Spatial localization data
▶
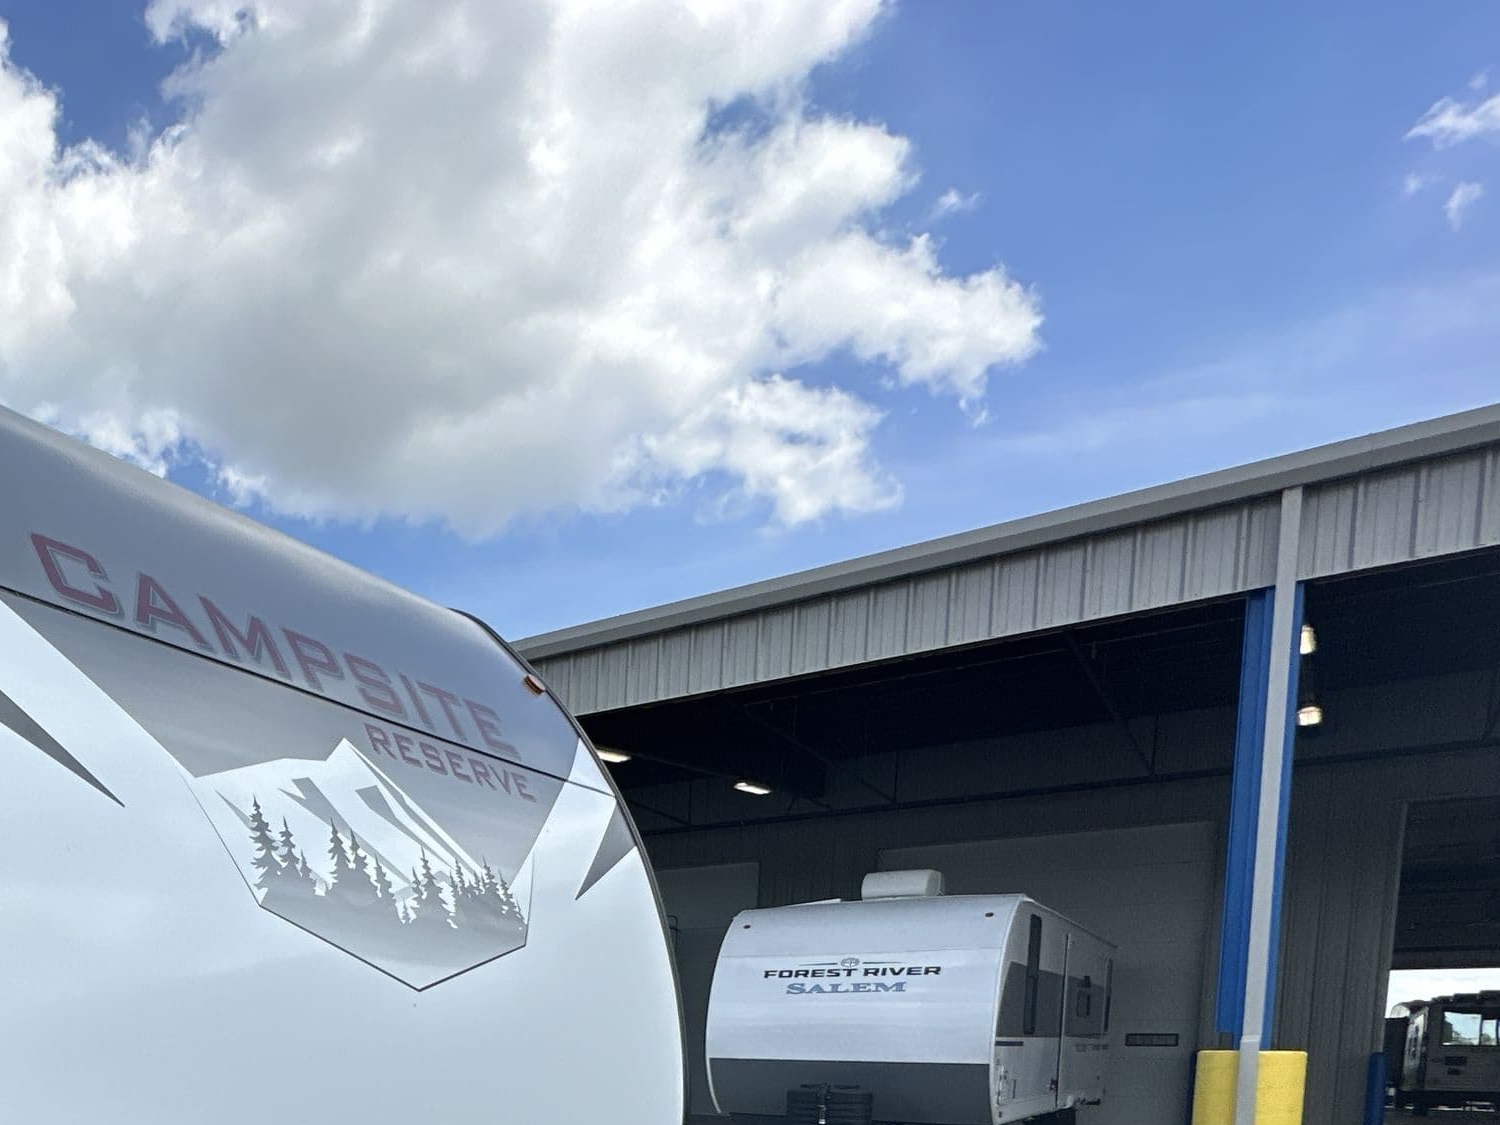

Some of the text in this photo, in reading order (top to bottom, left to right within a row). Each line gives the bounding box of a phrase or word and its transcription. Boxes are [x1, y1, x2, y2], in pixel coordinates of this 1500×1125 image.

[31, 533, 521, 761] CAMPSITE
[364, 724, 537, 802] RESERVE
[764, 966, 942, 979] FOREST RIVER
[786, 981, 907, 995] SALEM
◀
[EXERCISE DESCRIPTION]
Word for word, restate all of the records. Exclude the pictures.

[WRITTEN ANSWER]
Some of the text in this photo, in reading order (top to bottom, left to right within a row). Each line gives the bounding box of a phrase or word and its transcription. Boxes are [x1, y1, x2, y2], in pixel coordinates of this 1500×1125 image.

[31, 533, 521, 761] CAMPSITE
[364, 724, 537, 802] RESERVE
[764, 966, 942, 979] FOREST RIVER
[786, 981, 907, 995] SALEM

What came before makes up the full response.